WHAT THE EXERCISE ASKS> Beginning with the line that contains "Some of the text", copy each remaining line of the data below exactly.
--------------------------------------------------
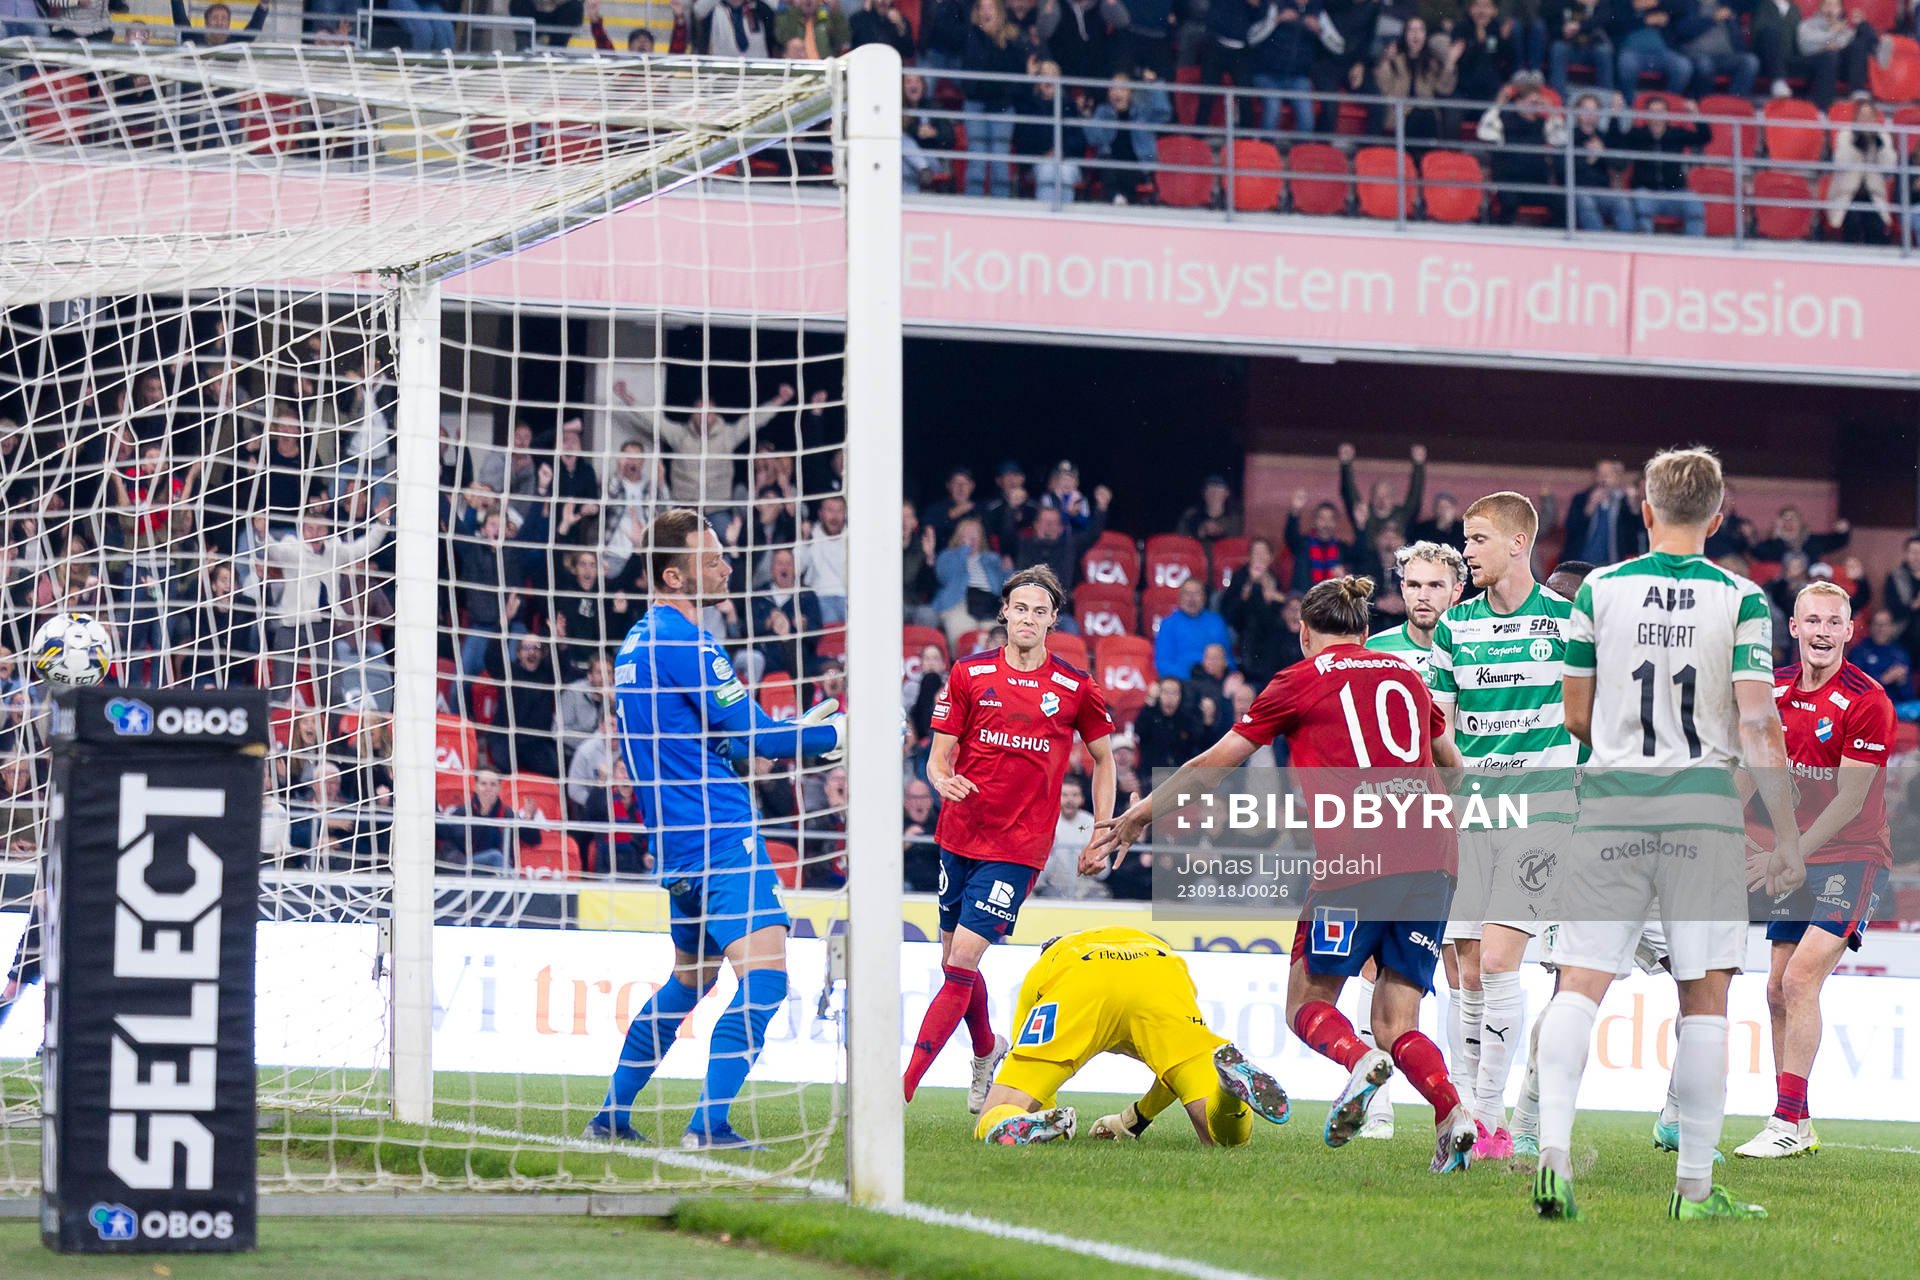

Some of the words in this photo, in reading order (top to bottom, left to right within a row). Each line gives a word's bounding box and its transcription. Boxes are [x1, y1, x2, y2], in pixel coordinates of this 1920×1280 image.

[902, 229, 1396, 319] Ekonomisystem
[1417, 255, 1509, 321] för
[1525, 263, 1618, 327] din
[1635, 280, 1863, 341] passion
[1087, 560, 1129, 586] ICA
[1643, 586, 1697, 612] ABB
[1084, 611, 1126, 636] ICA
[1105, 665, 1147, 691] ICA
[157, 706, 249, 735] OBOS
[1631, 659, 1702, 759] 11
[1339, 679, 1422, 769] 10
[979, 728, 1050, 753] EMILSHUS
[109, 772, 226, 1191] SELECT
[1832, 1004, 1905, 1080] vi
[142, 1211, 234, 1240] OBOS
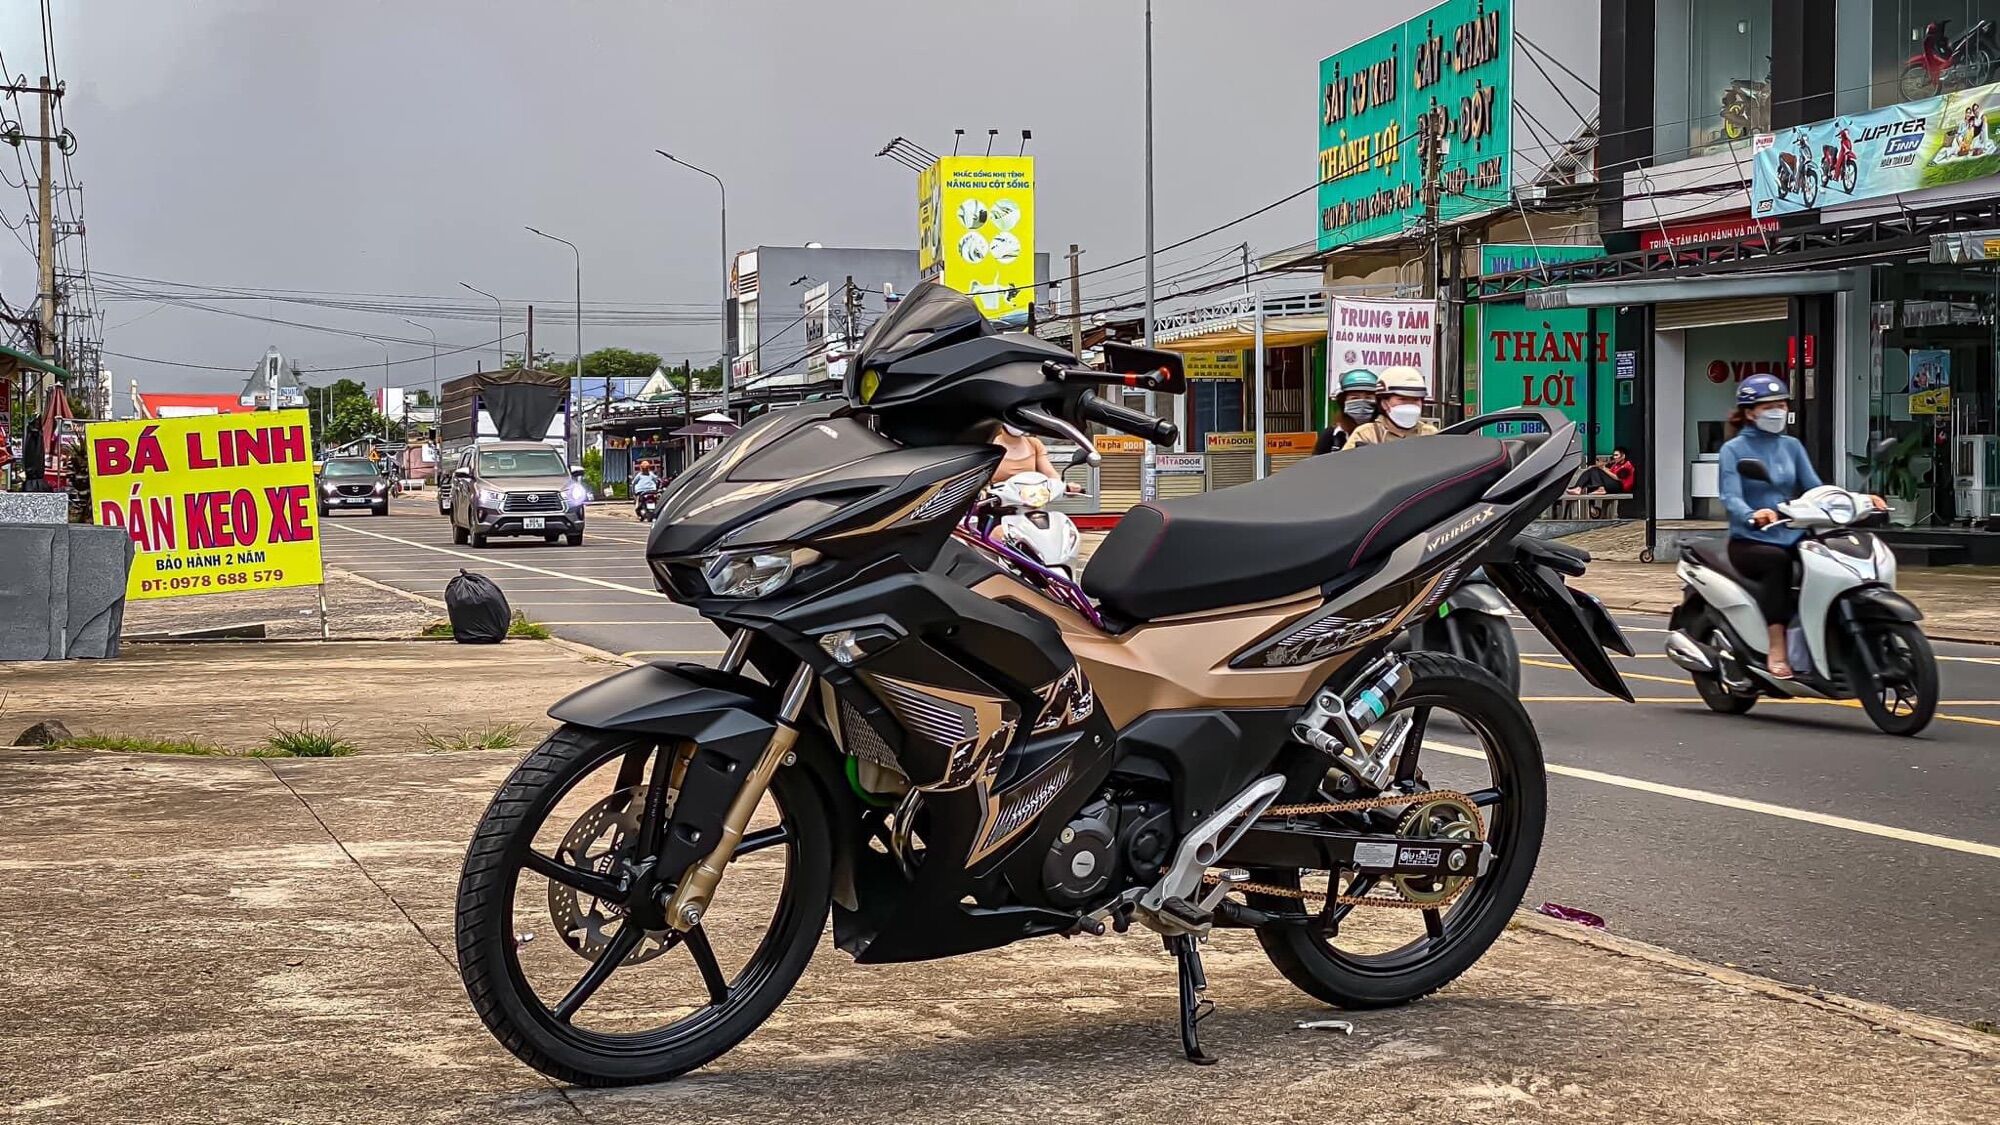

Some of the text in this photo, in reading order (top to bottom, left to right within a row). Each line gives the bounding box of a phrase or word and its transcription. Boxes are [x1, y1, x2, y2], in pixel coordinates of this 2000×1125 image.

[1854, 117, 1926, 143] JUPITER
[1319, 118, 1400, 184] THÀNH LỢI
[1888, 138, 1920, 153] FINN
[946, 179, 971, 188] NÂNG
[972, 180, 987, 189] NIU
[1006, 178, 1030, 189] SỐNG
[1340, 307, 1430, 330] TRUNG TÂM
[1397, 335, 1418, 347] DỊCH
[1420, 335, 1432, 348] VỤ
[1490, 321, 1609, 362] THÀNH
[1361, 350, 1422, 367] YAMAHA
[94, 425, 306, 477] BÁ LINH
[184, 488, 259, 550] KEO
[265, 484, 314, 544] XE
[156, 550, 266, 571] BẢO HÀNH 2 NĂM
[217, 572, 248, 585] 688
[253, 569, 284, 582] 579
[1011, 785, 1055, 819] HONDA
--------------------------------------------------
RESPONSE TO THIS EXERCISE>
Some of the text in this photo, in reading order (top to bottom, left to right within a row). Each line gives the bounding box of a phrase or word and its transcription. Boxes are [x1, y1, x2, y2], in pixel coordinates of this 2000×1125 image.

[1854, 117, 1926, 143] JUPITER
[1319, 118, 1400, 184] THÀNH LỢI
[1888, 138, 1920, 153] FINN
[946, 179, 971, 188] NÂNG
[972, 180, 987, 189] NIU
[1006, 178, 1030, 189] SỐNG
[1340, 307, 1430, 330] TRUNG TÂM
[1397, 335, 1418, 347] DỊCH
[1420, 335, 1432, 348] VỤ
[1490, 321, 1609, 362] THÀNH
[1361, 350, 1422, 367] YAMAHA
[94, 425, 306, 477] BÁ LINH
[184, 488, 259, 550] KEO
[265, 484, 314, 544] XE
[156, 550, 266, 571] BẢO HÀNH 2 NĂM
[217, 572, 248, 585] 688
[253, 569, 284, 582] 579
[1011, 785, 1055, 819] HONDA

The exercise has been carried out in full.